WORK INSTRUCTIONS — Reproduce the listing that follows character for character, excluding its pictures.

╭─ DATA FOR ANALYSIS

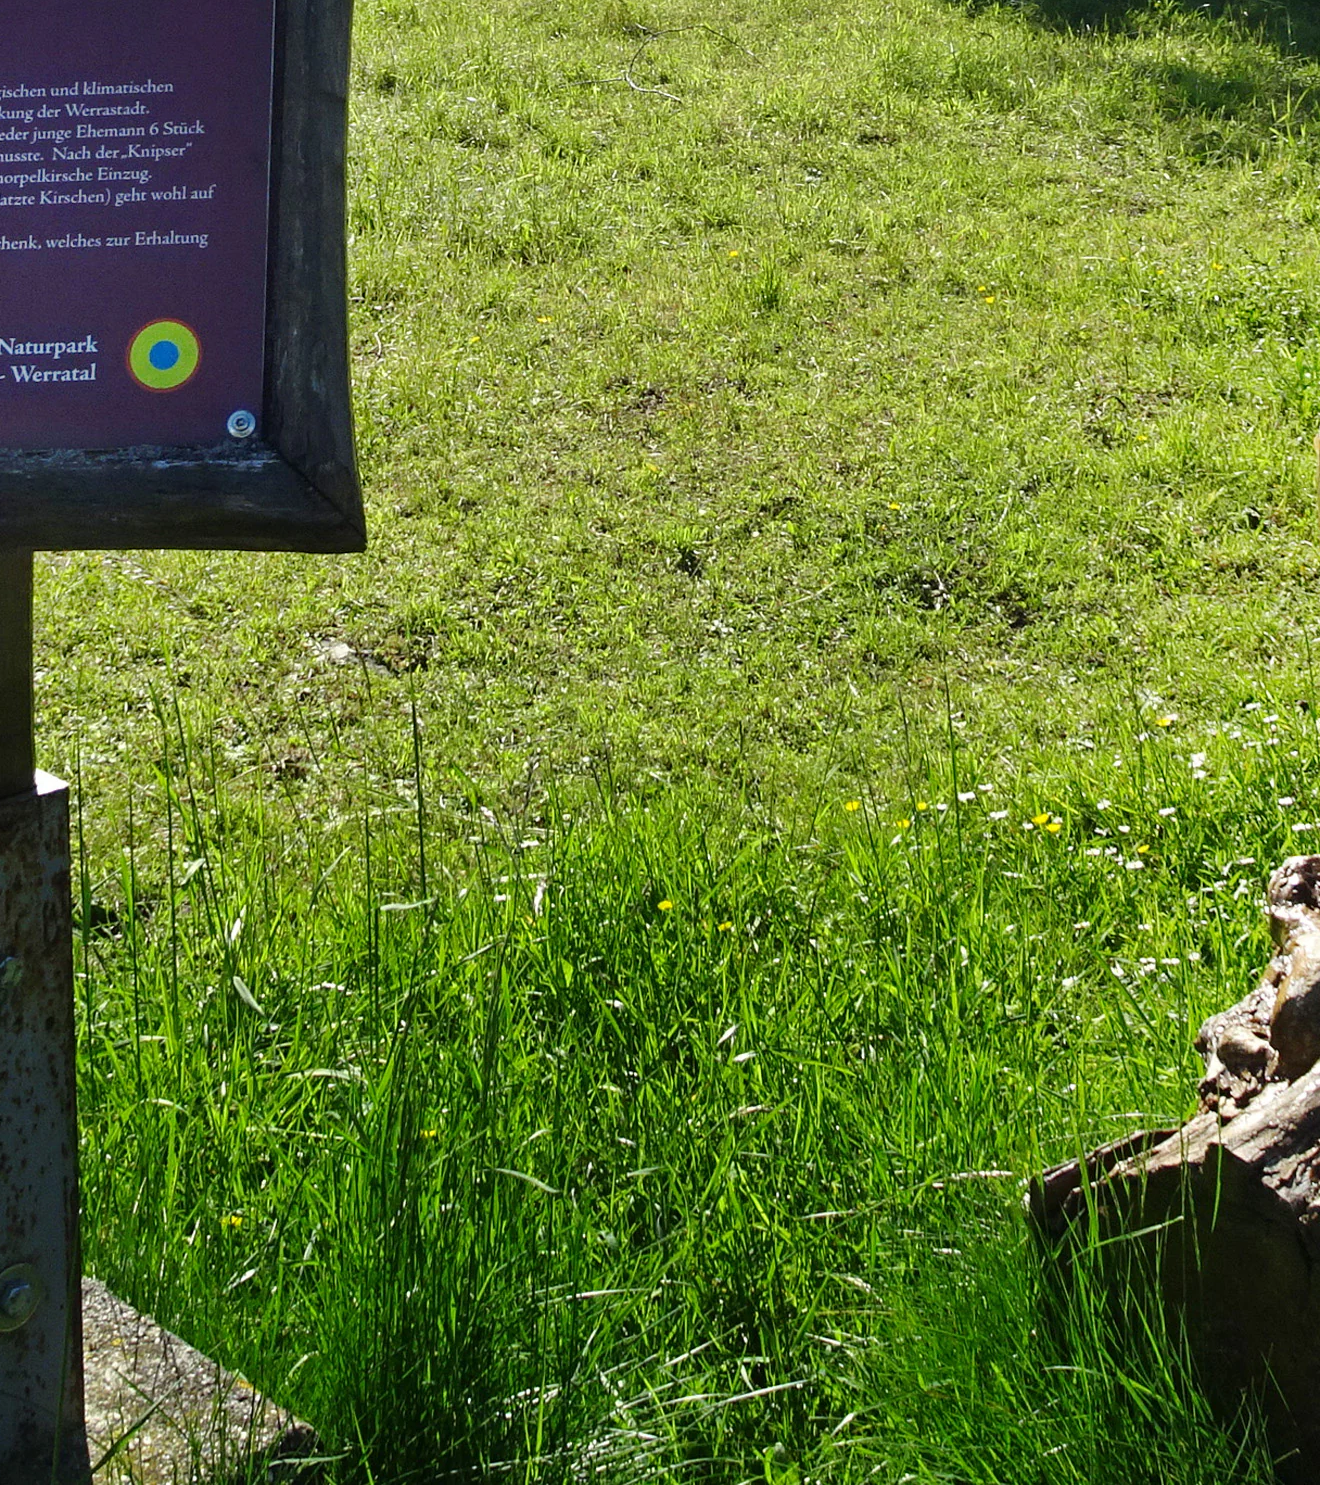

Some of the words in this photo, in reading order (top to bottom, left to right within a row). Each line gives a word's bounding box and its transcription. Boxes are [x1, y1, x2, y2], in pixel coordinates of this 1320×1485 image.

[50, 82, 79, 96] und
[83, 79, 173, 95] klimatischen
[37, 104, 61, 118] der
[64, 101, 150, 116] Werrastadt.
[30, 127, 72, 144] junge
[76, 124, 145, 138] Ehemann
[149, 122, 159, 135] 6
[163, 120, 205, 135] Stück
[52, 146, 91, 161] Nach
[95, 145, 122, 159] der
[98, 167, 152, 184] Einzug.
[40, 188, 111, 205] Kirschen)
[114, 187, 147, 207] geht
[151, 186, 186, 200] wohl
[190, 184, 216, 199] auf
[46, 233, 101, 248] welches
[106, 237, 131, 246] zur
[135, 230, 208, 248] Erhaltung
[10, 363, 96, 382] Werratal
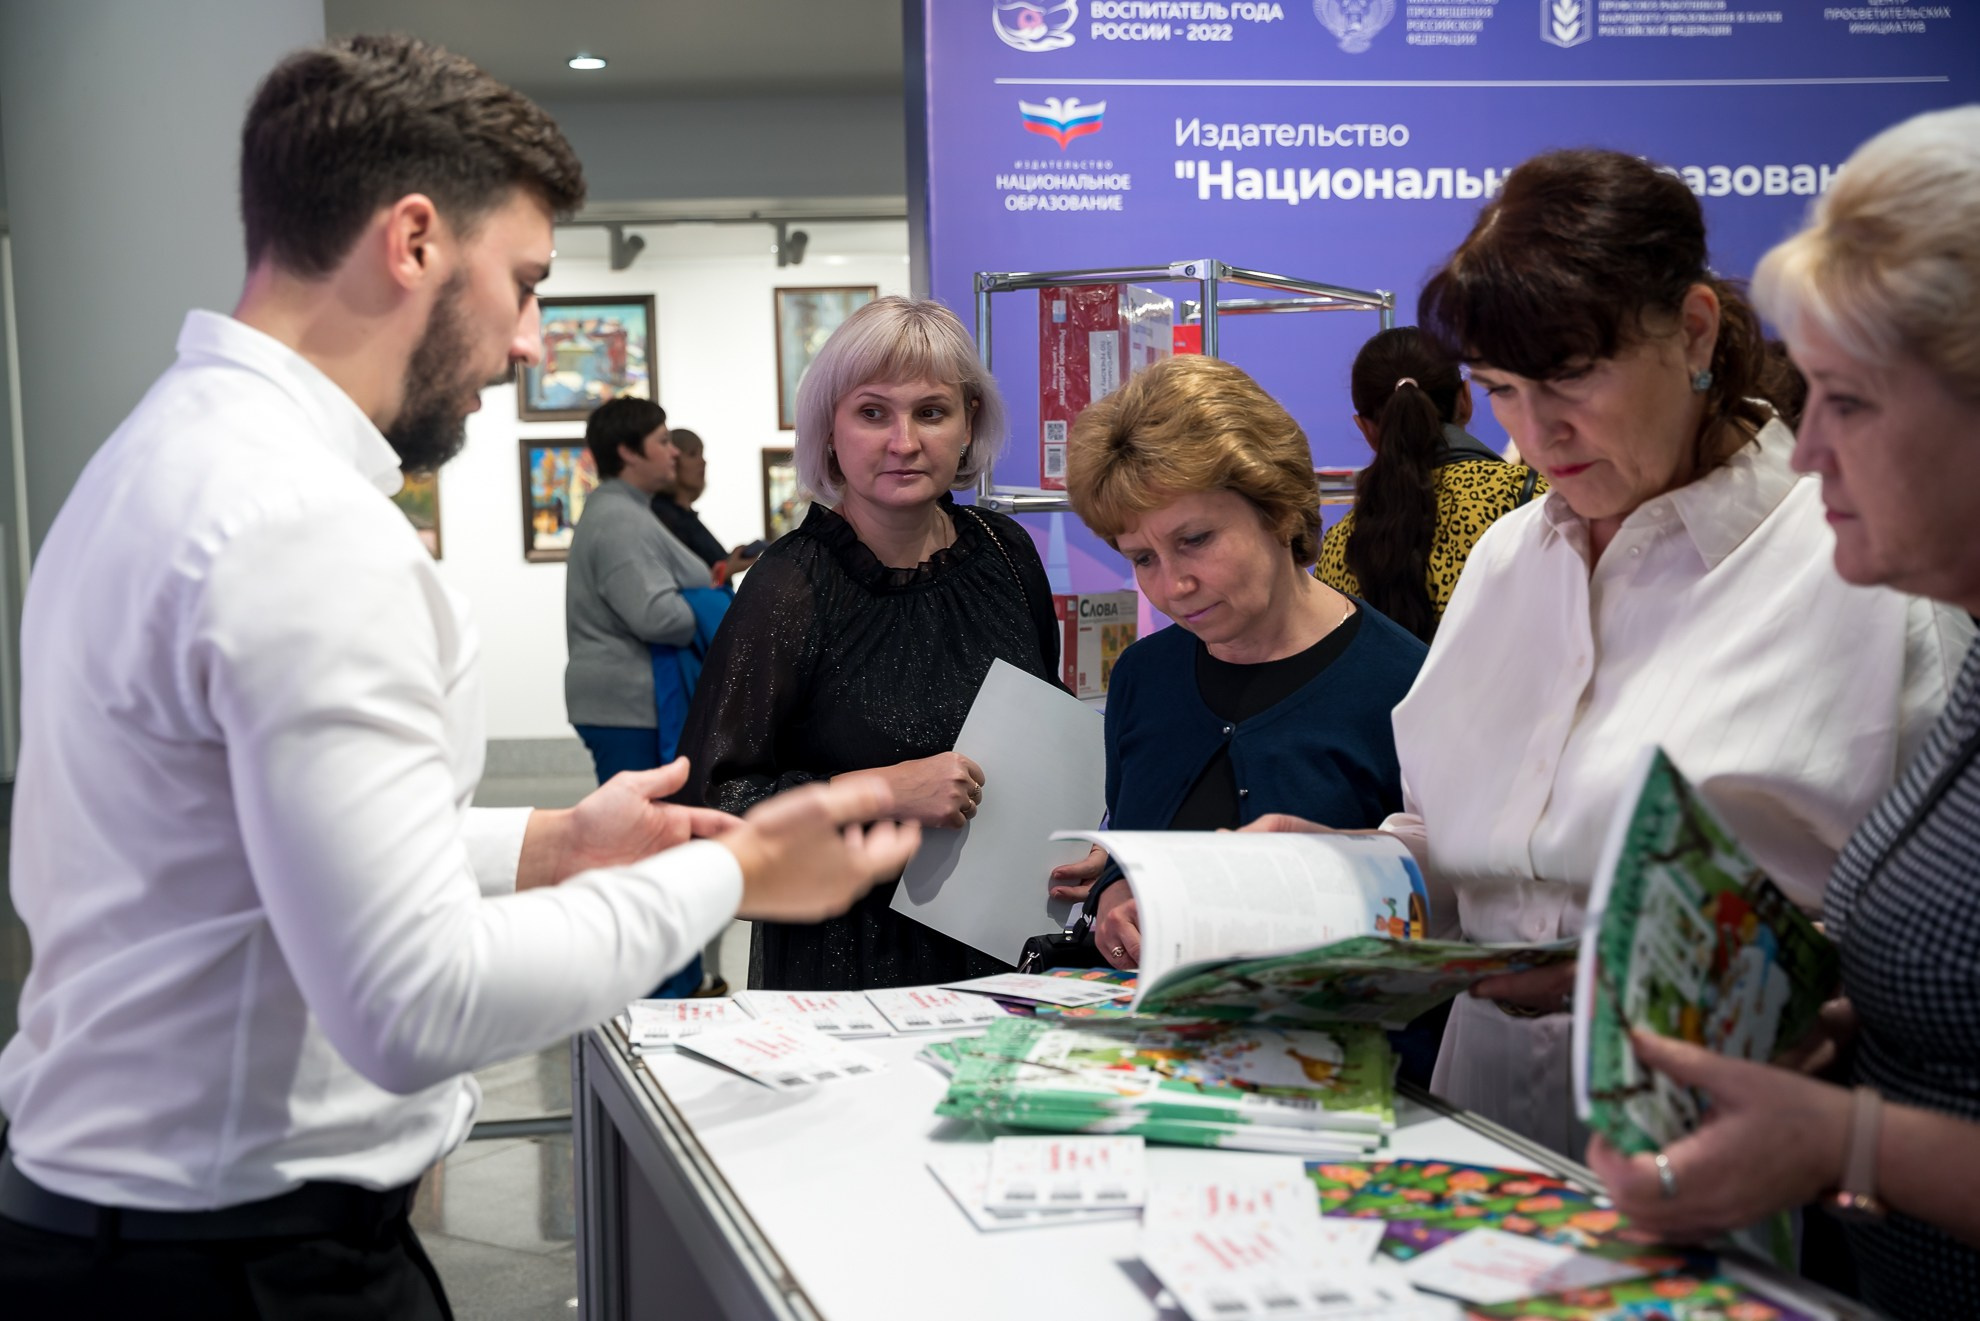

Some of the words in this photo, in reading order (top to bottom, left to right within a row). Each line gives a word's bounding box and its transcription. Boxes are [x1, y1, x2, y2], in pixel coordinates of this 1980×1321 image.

╰─

ANSWER SPACE —
Some of the words in this photo, in reading order (top to bottom, left to right within a row). Each line gives a word's bounding box and its transcription. Boxes are [x1, y1, x2, y2], in pixel coordinates of this 1320×1485 image.

[50, 82, 79, 96] und
[83, 79, 173, 95] klimatischen
[37, 104, 61, 118] der
[64, 101, 150, 116] Werrastadt.
[30, 127, 72, 144] junge
[76, 124, 145, 138] Ehemann
[149, 122, 159, 135] 6
[163, 120, 205, 135] Stück
[52, 146, 91, 161] Nach
[95, 145, 122, 159] der
[98, 167, 152, 184] Einzug.
[40, 188, 111, 205] Kirschen)
[114, 187, 147, 207] geht
[151, 186, 186, 200] wohl
[190, 184, 216, 199] auf
[46, 233, 101, 248] welches
[106, 237, 131, 246] zur
[135, 230, 208, 248] Erhaltung
[10, 363, 96, 382] Werratal

Some of the words in this photo, in reading order (top to bottom, left to right within a row). Each line gives a word's bounding box and its transcription. Boxes are [x1, y1, x2, y2], in pixel coordinates of this 1980×1321 image.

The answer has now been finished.